A bill that would have required the state to maintain an online database of foreclosed properties statewide was effectively killed following a conditional veto from Gov. Phil Murphy Monday morning.
Assembly Bill 5000 would have required the Department of Community Affairs to create an online database and interactive map of residential properties under foreclosure, at a price tag of $4 million a year.
Murphy balked at the amount and in his veto statement, saying the price would not be worth what it would provide to state residents.
“Candidly, I am not convinced that the benefit of interactive mapping will justify the cost burden imposed on homeowners needed to implement that requirement,” Murphy said.
“Rather than expending millions of dollars on the creation of a database that will map properties that have already been subject to judgments of foreclosure, my suggested changes revise the legislation to require notice to DCA much earlier in the process,” he added.
His conditional veto calls for a requirement that lenders “provide DCA with the notice of intention to foreclose, along with a detailed description of the property, at the time the lender mails the notice to the homeowner.”

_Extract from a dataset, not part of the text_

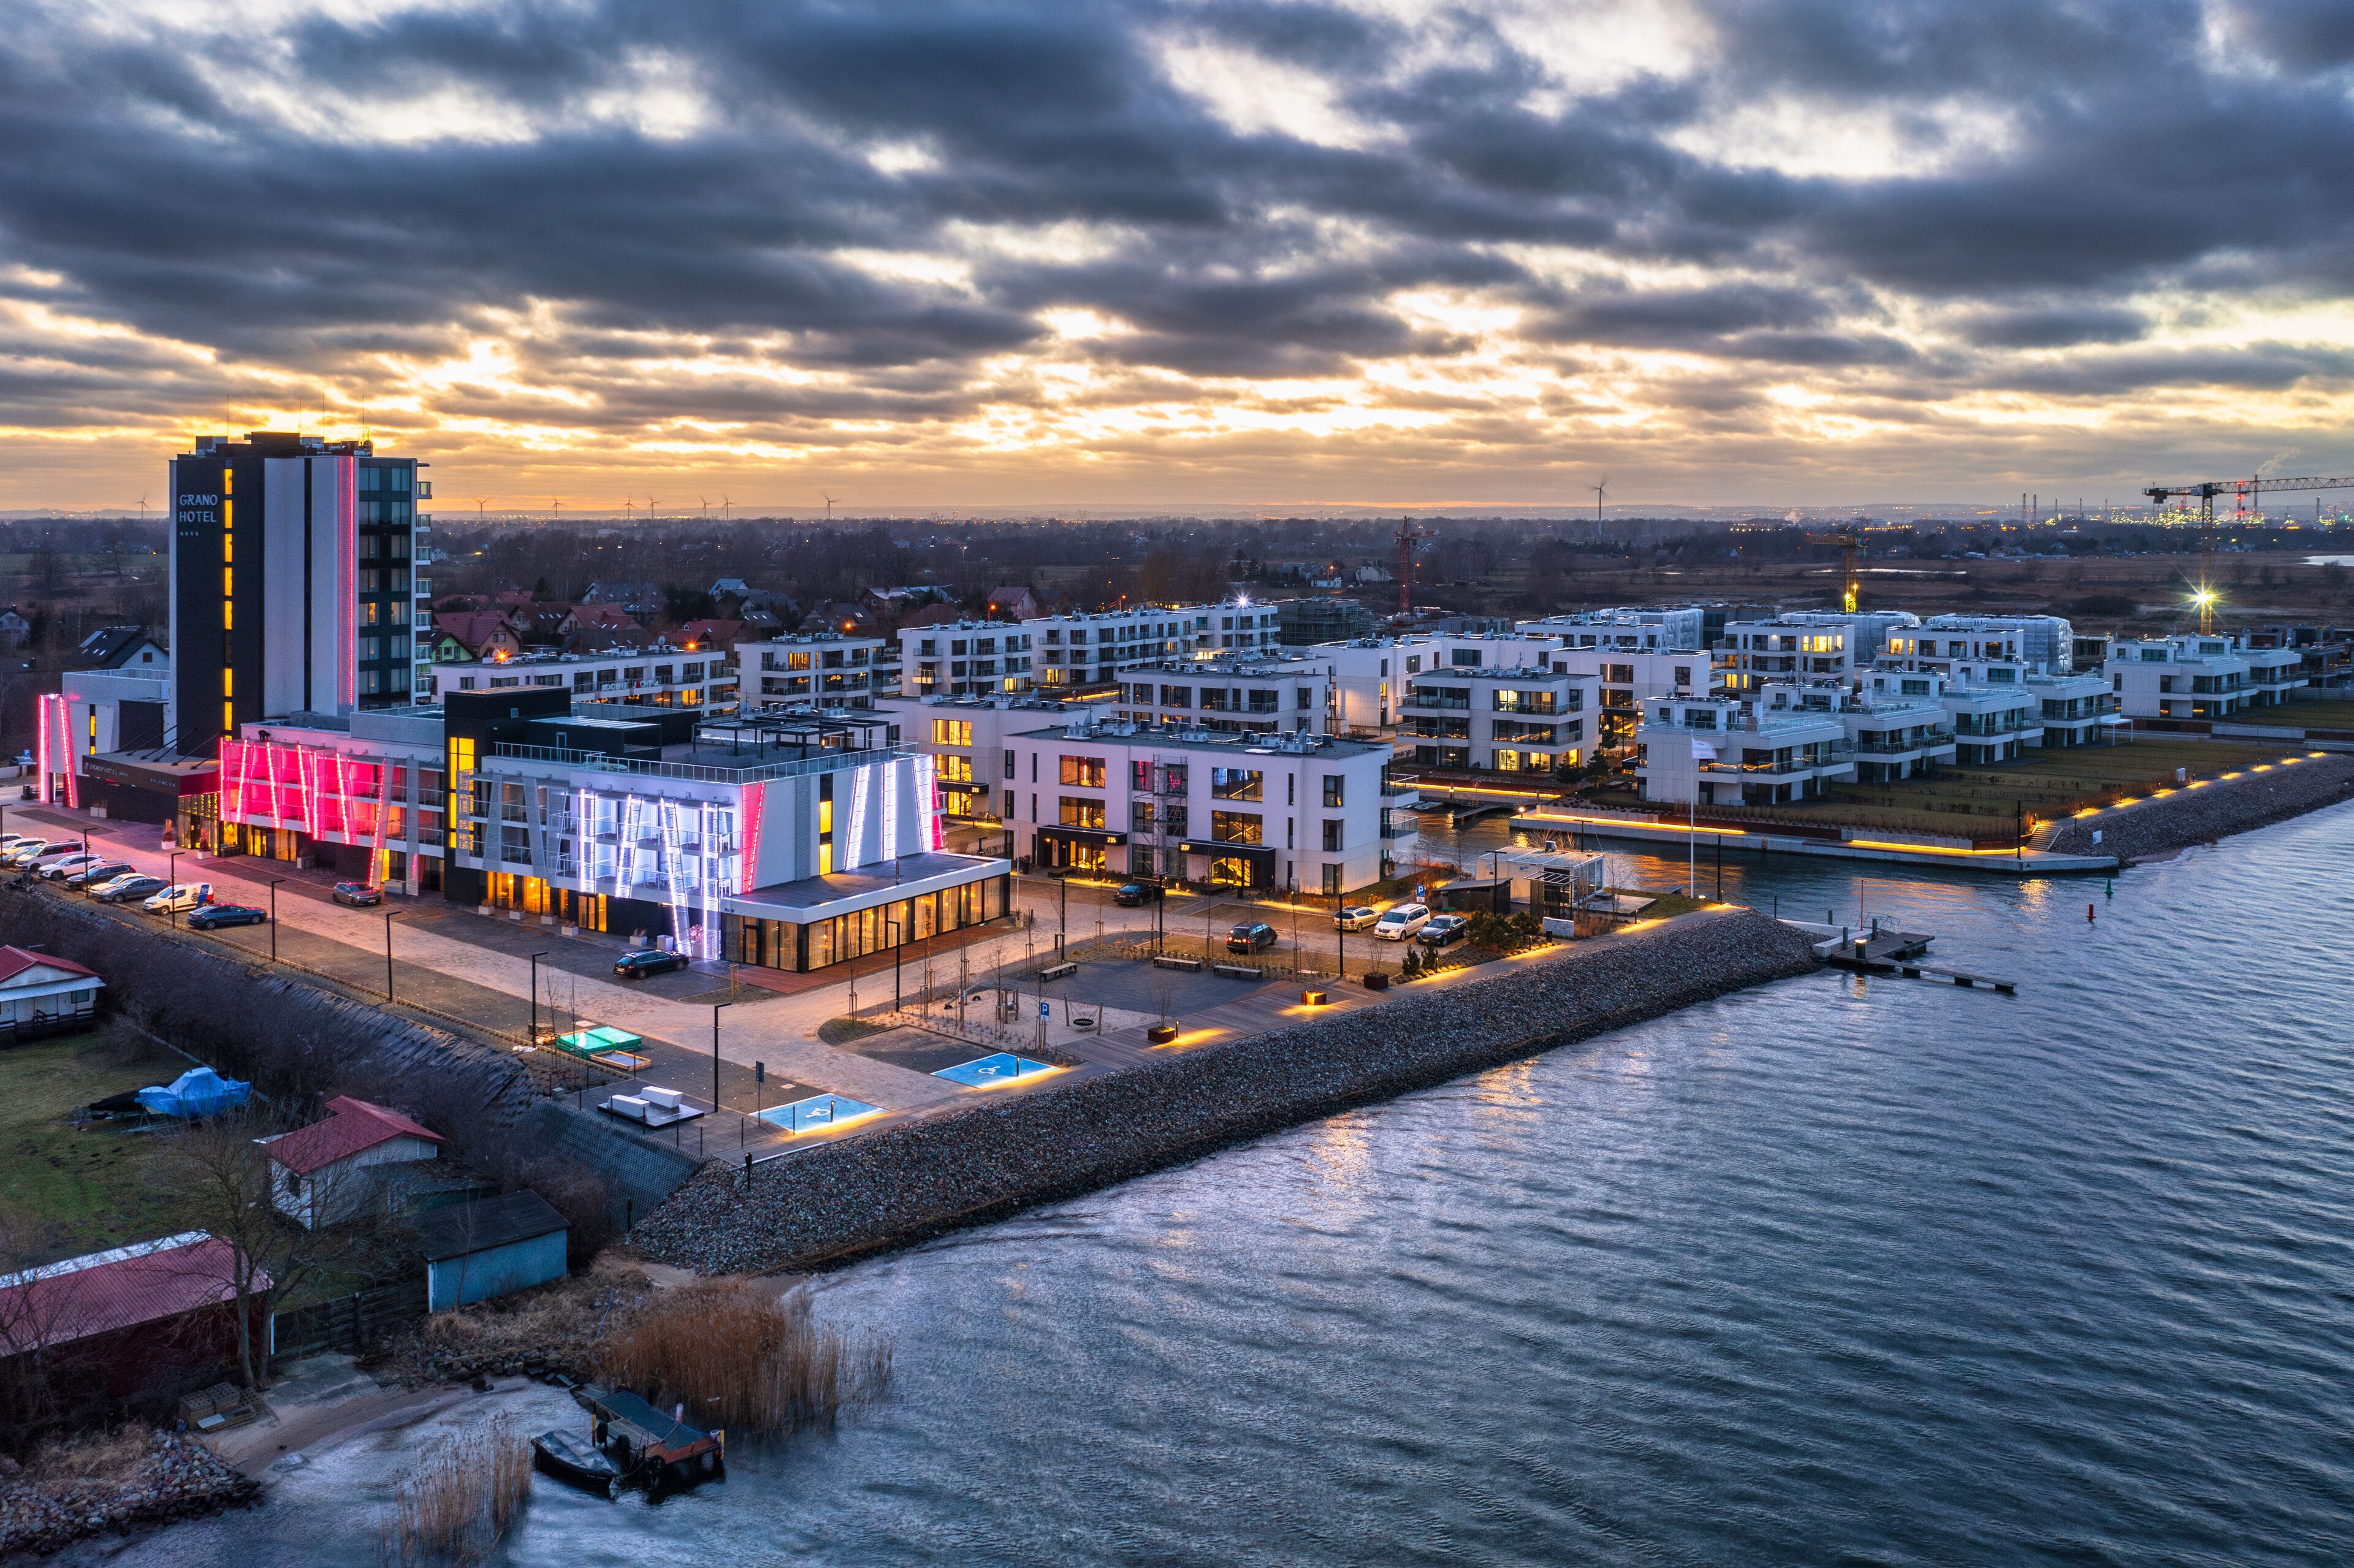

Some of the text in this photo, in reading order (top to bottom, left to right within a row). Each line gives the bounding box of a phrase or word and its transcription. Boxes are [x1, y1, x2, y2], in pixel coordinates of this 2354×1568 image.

“This avoids much of the technical and administrative costs associated with the bill, while still ensuring the compilation of valuable information,” the governor continued.
A5000 was a key piece of legislation – which the governor did not approve – in the “foreclosure crisis” package of bills he approved late April.
The governor and other proponents said the legislation would help alleviate the effects of foreclosures on homeowners facing the potentially daunting legal proceedings and help the economic revitalization of towns with high foreclosure rates, or “blight.”